Cela a été une politique constante des différents dirigeants du pays quel que soit le régime en place PTR ou MSM. Malgré les leçons que le monde aurait-dû tirer de la crise des « subprimes », à Maurice les crédits sans garantie qui coûtent plus chers pour le consommateur et qui créent une bulle spéculative, ont été encouragés. L’Etat est responsable de cette situation et paradoxalement aujourd’hui, le pouvoir politique autorise des baisses des salaires à hauteur de plus de 50% et légifère pour permettre aux employeurs de ne plus payer les heures supplémentaires. Ces mêmes heures supplémentaires qui ont été intégrées dans le calcul du LTV par les banques pour évaluer le niveau de crédit auquel pouvait s’exposer un consommateur.

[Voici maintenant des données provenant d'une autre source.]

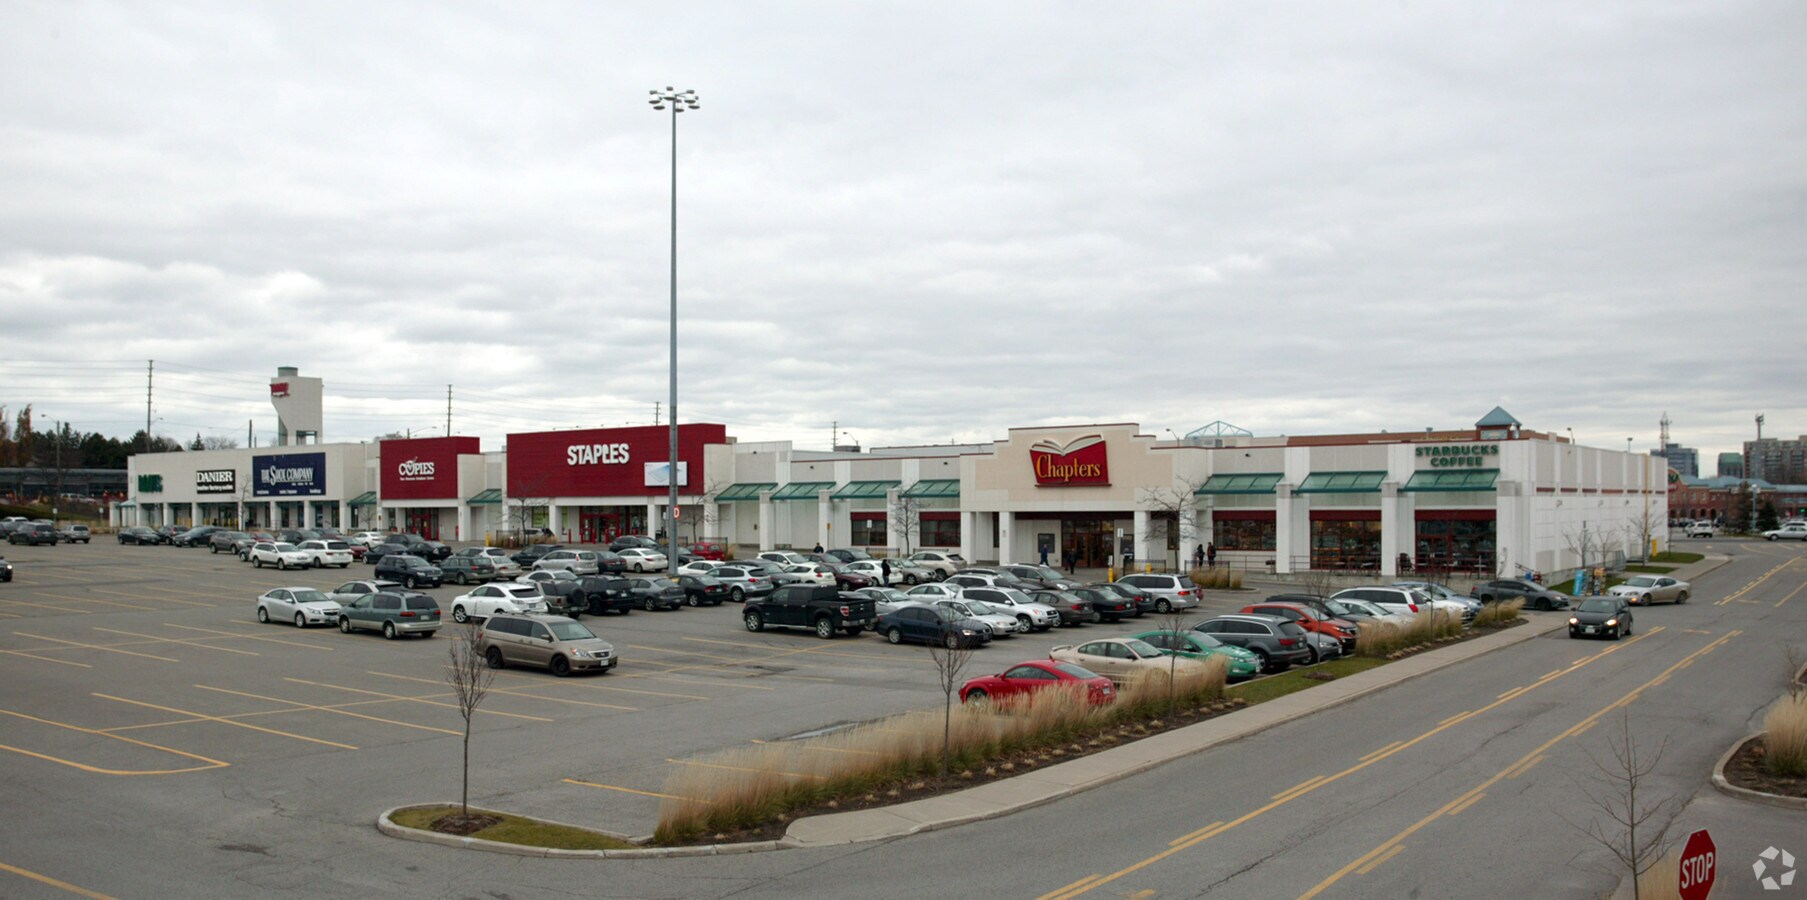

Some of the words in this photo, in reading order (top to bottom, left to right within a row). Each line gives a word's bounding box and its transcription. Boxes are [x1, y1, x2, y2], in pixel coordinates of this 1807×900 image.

[567, 443, 630, 465] STAPLES
[1415, 444, 1499, 457] STARBUCKS
[398, 459, 435, 476] COPIES
[1036, 454, 1102, 482] Chapters
[1430, 456, 1483, 467] COFFEE
[197, 471, 234, 483] DANIER
[286, 467, 314, 483] COMPANY
[674, 508, 680, 518] D
[1681, 851, 1714, 889] STOP

Il faut que le gouvernement dans son budget 2020-2021 montre plus de responsabilités, car il est de son devoir de contrôler l’impact que les défauts de paiement vont avoir sur des centaines de milliers de familles mauriciennes. Certains vont perdre leur emploi et d’autres verront leurs rémunérations réduites de moitié comme annoncé par le groupe New Mauritius Hotel Ltd (NMH) ou encore notre compagnie aérienne nationale. Il était de la responsabilité de l’Etat de mettre en place les paramètres nécessaires pour protéger les ménages du surendettement. Il serait donc normal de s’attendre à ce que le gouvernement assume la responsabilité de ses manquements. Surtout, en ce moment où l’argent des contribuables, c’est-à-dire ces mêmes ménages qui n’ont pas été protégés contre le surendettement, sert pour le « Wage Assistance Scheme » dont bénéficie les entreprises qui réduisent les salaires de moitié.

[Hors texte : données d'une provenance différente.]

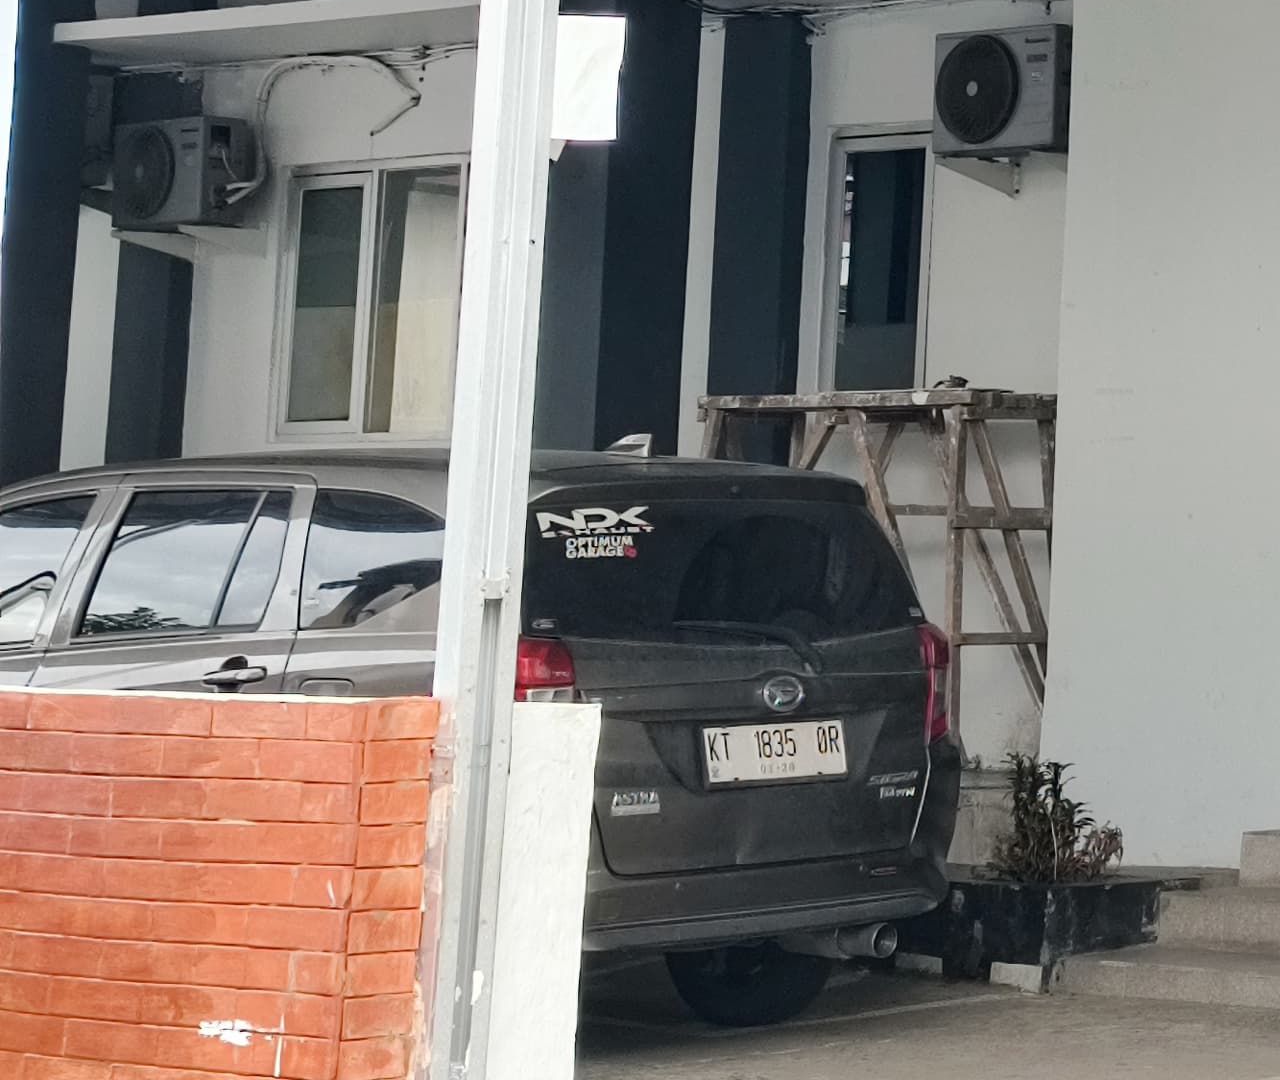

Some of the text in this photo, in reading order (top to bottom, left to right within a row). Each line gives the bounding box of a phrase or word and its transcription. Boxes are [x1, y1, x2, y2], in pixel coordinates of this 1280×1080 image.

[566, 536, 634, 549] OPTIMUM
[566, 546, 625, 558] GARAGE
[708, 732, 730, 762] KT
[754, 728, 797, 759] 1835

Nous l’avons vu en introduction, le niveau requis pour qualifier d’insolvable une compagnie a été revu à la hausse avec un ratio de 100%, pendant ce temps les ménages ont disposé d’un moratoire sur les intérêts et pour les prêts immobiliers uniquement, type de prêt dont la part de marché ne cesse de baisser selon la banque de Maurice.

Le poids de la dette des ménages sera encore plus grand dans un tel contexte. Est-ce que le gouvernement viendra avec un plan pour secourir les ménages et leur épargner la saisie des biens impayés? Nous parlons là de motocyclettes, de voitures, d’outils numériques tels que les téléphones et les ordinateurs portables.

Il est peut être nécessaire de créer un cadre légale de faillite civile, notamment pour protéger les salaires des emprunteurs mais aussi des garants pour les prêts accordés par les différentes institutions de crédit, incluant les « Mutual aid ».

Il paraît normal aussi que ce soit aux banques et aux institutions de crédit de devoir supporter les conséquences de leur goût du risque qui les a poussés à accorder massivement des prêts sans garantie, pour des motifs aussi farfelus que des vacances à l’étranger. En droit il existe différents niveaux de responsabilités selon que vous soyez un professionnel du secteur ou pas, en l’occurrence ce sont les professionnels du crédit qui ont créé ce contexte de surendettement. Est-ce que le gouvernement aura la lâcheté de rendre responsable les consommateurs d’un produit que ces derniers n’avaient aucun moyen de savoir avarié ?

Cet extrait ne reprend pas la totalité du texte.